→ Task prompt:
Transcribe each entry exactly as it appears, leaving out any picture it holds.

[Recorded data]

━━━

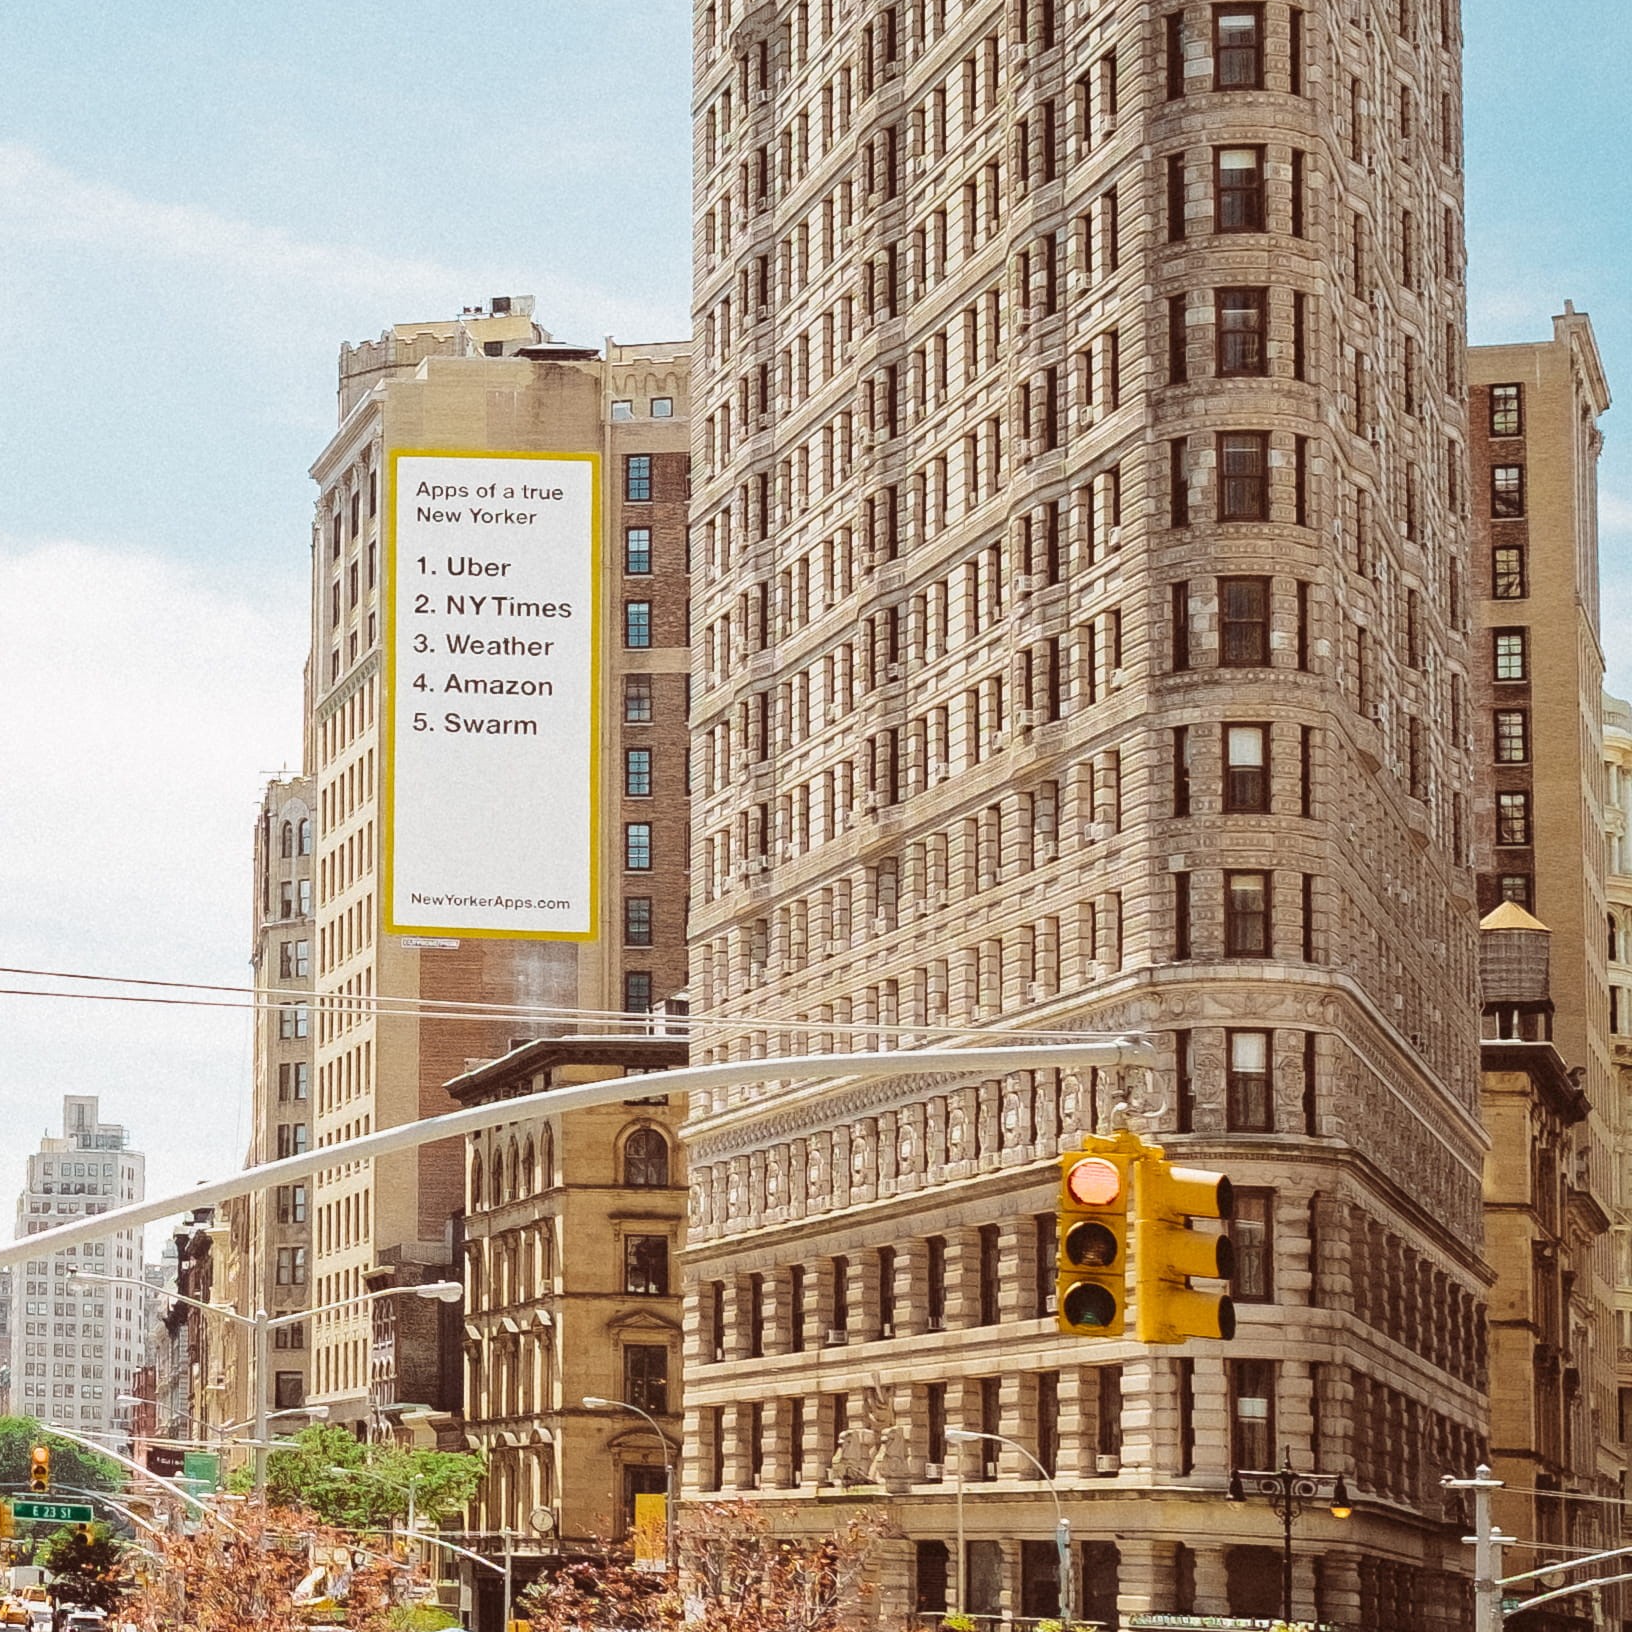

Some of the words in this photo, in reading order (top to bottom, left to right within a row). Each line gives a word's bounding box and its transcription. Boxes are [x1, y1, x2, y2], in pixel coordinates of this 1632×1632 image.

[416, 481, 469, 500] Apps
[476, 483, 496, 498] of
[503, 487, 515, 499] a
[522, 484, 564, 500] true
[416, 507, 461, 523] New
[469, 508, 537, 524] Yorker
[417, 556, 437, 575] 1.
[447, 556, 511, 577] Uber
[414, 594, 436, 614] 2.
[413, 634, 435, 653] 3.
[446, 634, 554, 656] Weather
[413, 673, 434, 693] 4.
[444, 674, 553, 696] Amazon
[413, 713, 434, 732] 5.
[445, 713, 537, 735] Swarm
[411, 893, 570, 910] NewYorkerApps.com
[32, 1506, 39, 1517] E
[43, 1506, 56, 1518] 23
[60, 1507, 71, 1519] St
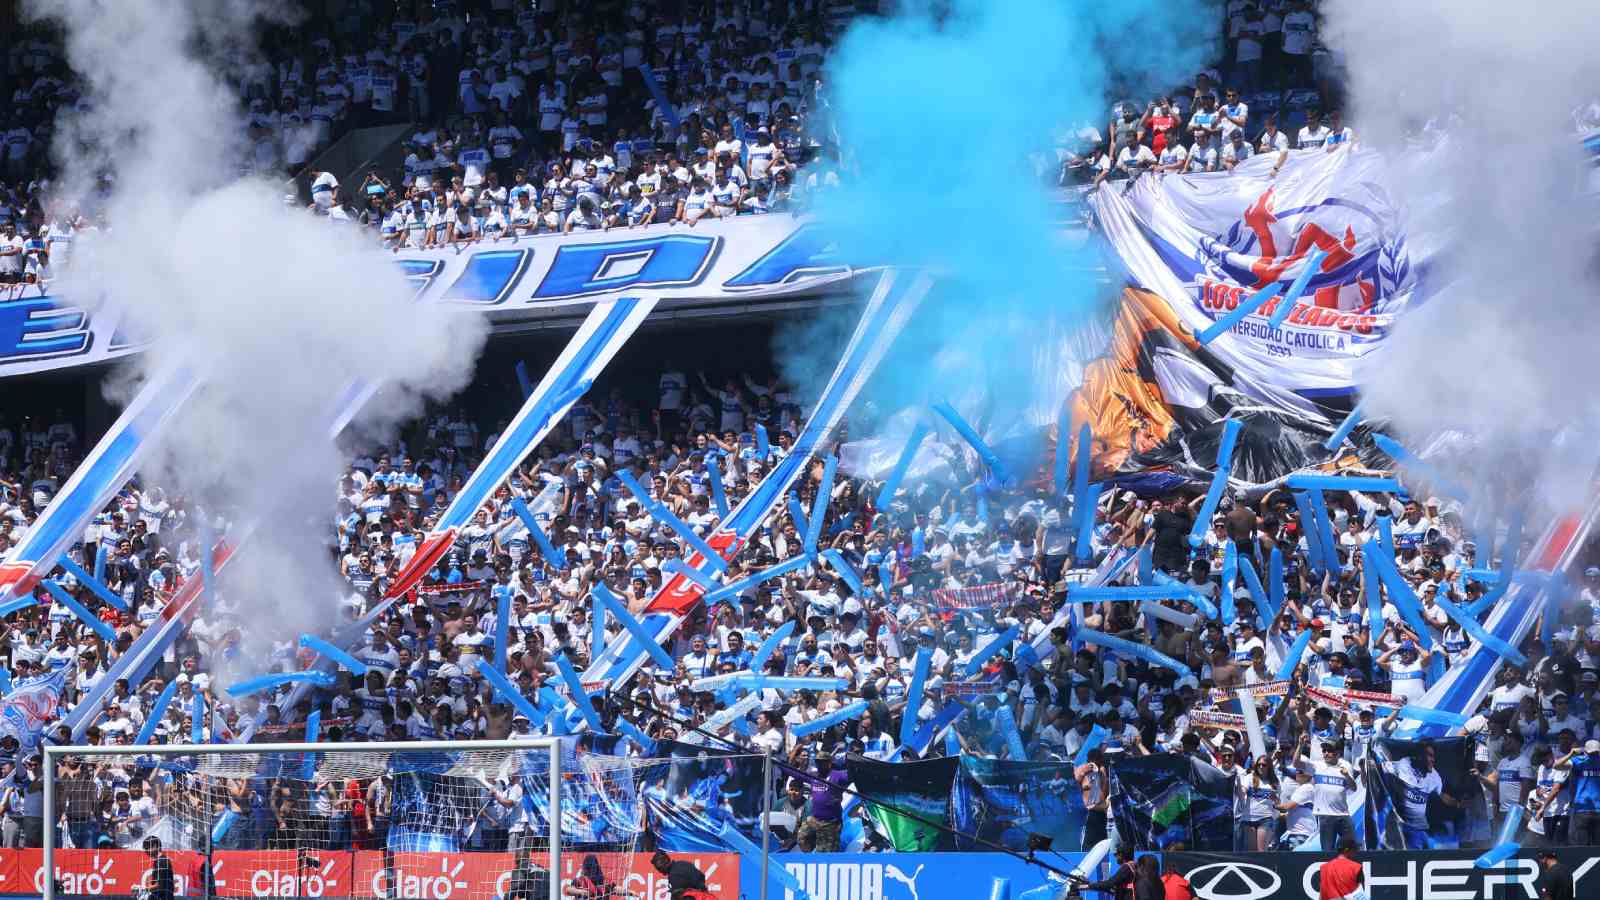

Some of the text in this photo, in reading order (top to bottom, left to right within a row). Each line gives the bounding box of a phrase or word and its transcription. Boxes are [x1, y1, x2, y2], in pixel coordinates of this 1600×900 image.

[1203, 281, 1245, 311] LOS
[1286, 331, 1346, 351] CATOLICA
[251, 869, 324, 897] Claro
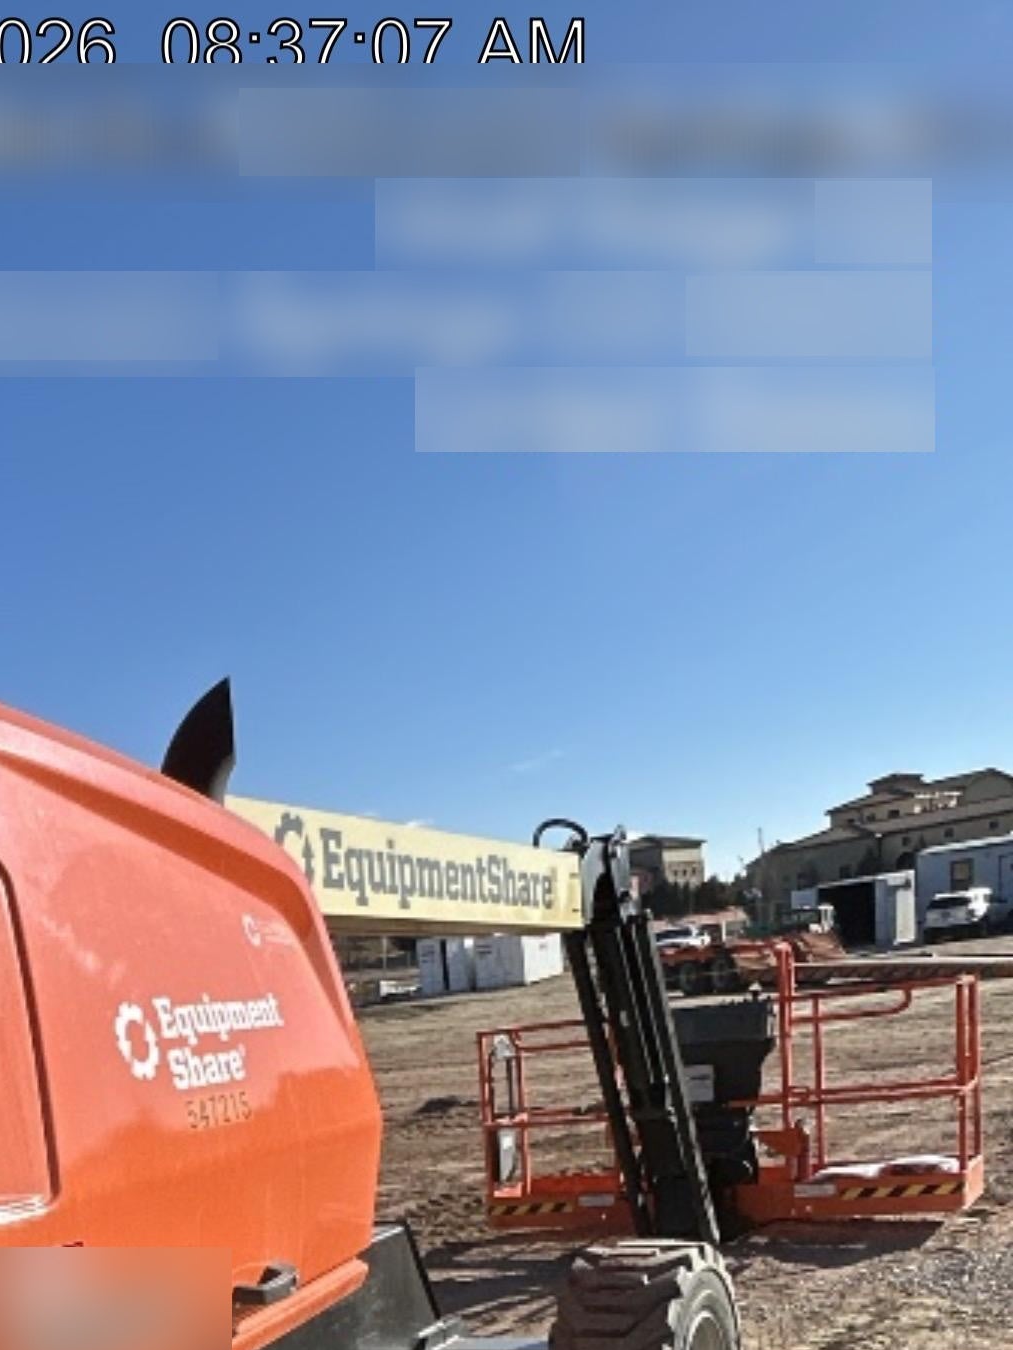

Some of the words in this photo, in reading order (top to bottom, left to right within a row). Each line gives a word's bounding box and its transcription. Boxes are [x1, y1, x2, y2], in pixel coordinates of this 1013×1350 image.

━━━

→ Answer section:
Some of the words in this photo, in reading order (top to bottom, left to right within a row). Each line gives a word's bounding box and its transcription. Boxes are [x1, y1, x2, y2], in pixel coordinates of this 1632×1632 image.

[416, 481, 469, 500] Apps
[476, 483, 496, 498] of
[503, 487, 515, 499] a
[522, 484, 564, 500] true
[416, 507, 461, 523] New
[469, 508, 537, 524] Yorker
[417, 556, 437, 575] 1.
[447, 556, 511, 577] Uber
[414, 594, 436, 614] 2.
[413, 634, 435, 653] 3.
[446, 634, 554, 656] Weather
[413, 673, 434, 693] 4.
[444, 674, 553, 696] Amazon
[413, 713, 434, 732] 5.
[445, 713, 537, 735] Swarm
[411, 893, 570, 910] NewYorkerApps.com
[32, 1506, 39, 1517] E
[43, 1506, 56, 1518] 23
[60, 1507, 71, 1519] St

Some of the text in this photo, in reading order (top to bottom, left to right within a row). Each line gives the bounding box of a phrase or word and its transcription. Boxes are [x1, y1, x2, y2], in pixel coordinates of this 1600×900 image.

[1203, 281, 1245, 311] LOS
[1286, 331, 1346, 351] CATOLICA
[251, 869, 324, 897] Claro

Some of the words in this photo, in reading order (top to bottom, left to right within a row). Each line gives a word's bounding box and its transcription. Boxes are [x1, y1, x2, y2], in pixel coordinates of this 1013×1350 image.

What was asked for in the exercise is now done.